PROBLEM: Verbatim copy, images excluded: write out each record shown below.

DATA FOR PROCESSING:
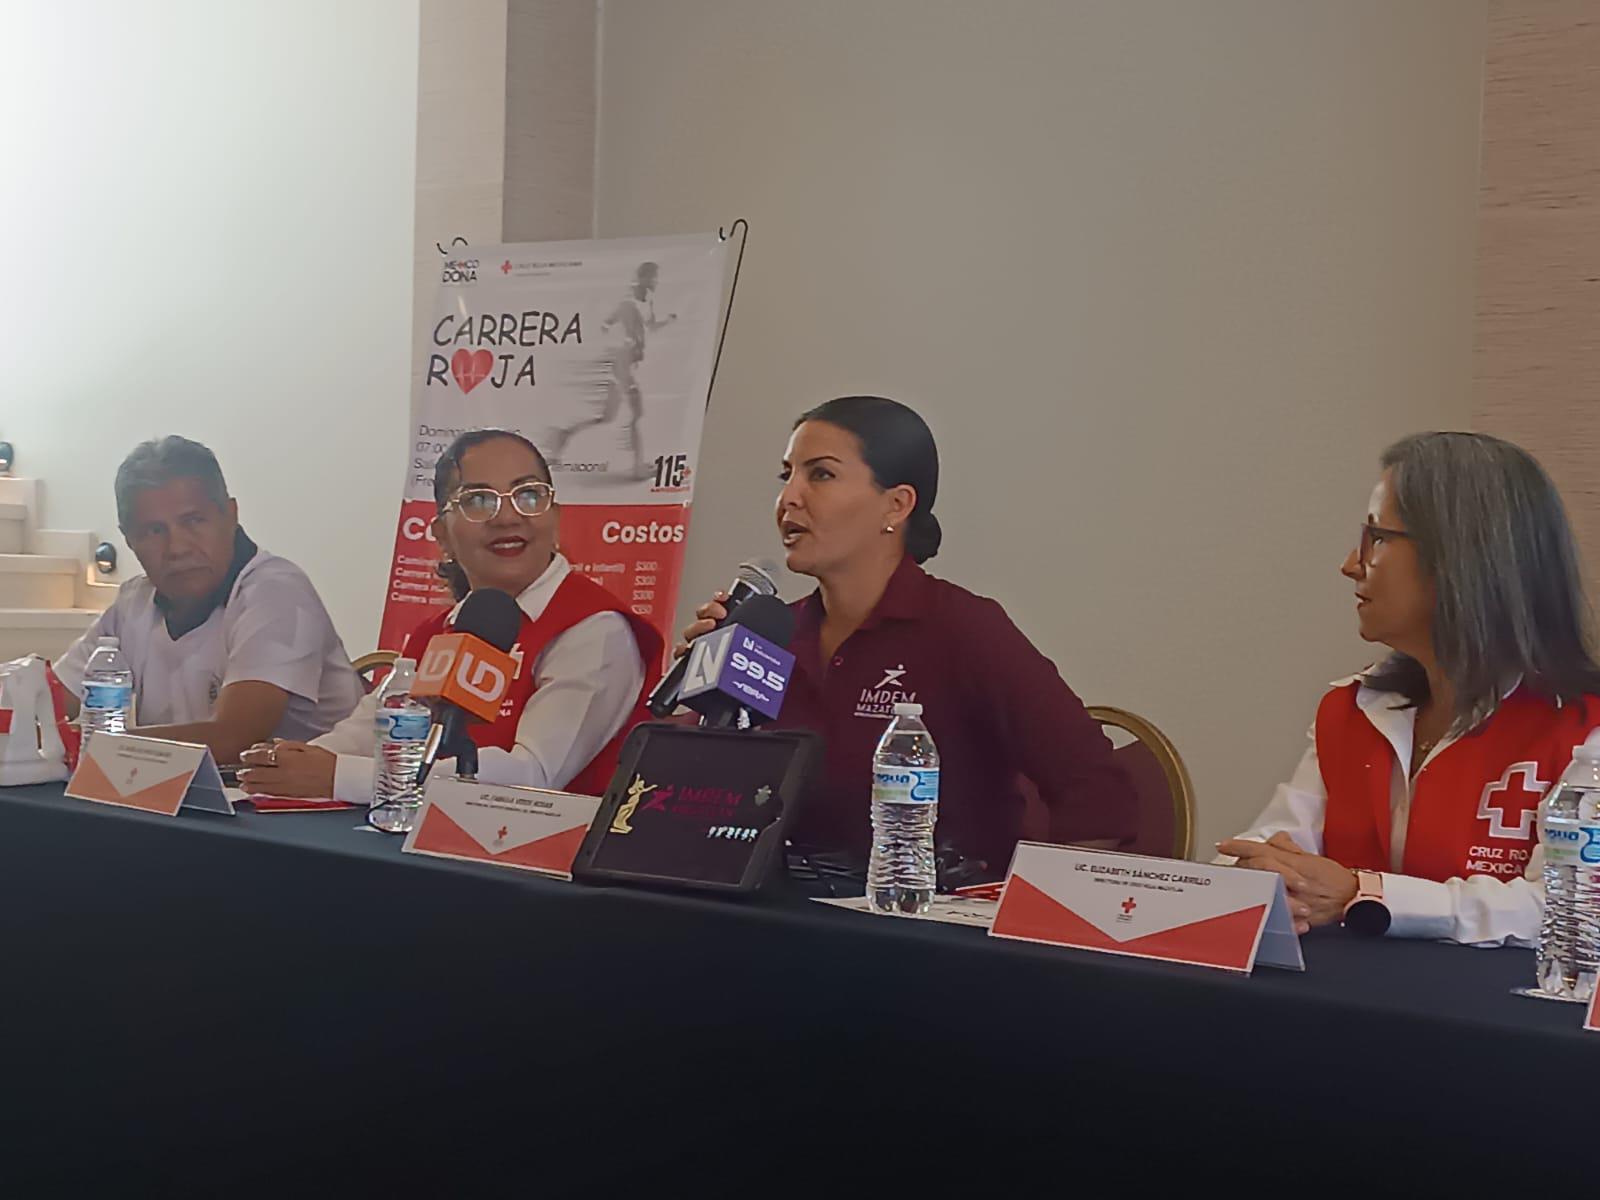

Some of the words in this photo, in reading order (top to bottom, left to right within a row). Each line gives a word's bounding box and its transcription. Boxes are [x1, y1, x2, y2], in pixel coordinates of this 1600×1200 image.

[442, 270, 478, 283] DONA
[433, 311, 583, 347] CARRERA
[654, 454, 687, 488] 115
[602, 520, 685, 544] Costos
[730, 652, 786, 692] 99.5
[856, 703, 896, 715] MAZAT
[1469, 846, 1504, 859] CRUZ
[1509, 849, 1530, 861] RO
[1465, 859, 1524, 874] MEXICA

EXERCISE SOLUTION:
Some of the words in this photo, in reading order (top to bottom, left to right within a row). Each line gives a word's bounding box and its transcription. Boxes are [x1, y1, x2, y2], in pixel coordinates of this 1600×1200 image.

[442, 270, 478, 283] DONA
[433, 311, 583, 347] CARRERA
[654, 454, 687, 488] 115
[602, 520, 685, 544] Costos
[730, 652, 786, 692] 99.5
[856, 703, 896, 715] MAZAT
[1469, 846, 1504, 859] CRUZ
[1509, 849, 1530, 861] RO
[1465, 859, 1524, 874] MEXICA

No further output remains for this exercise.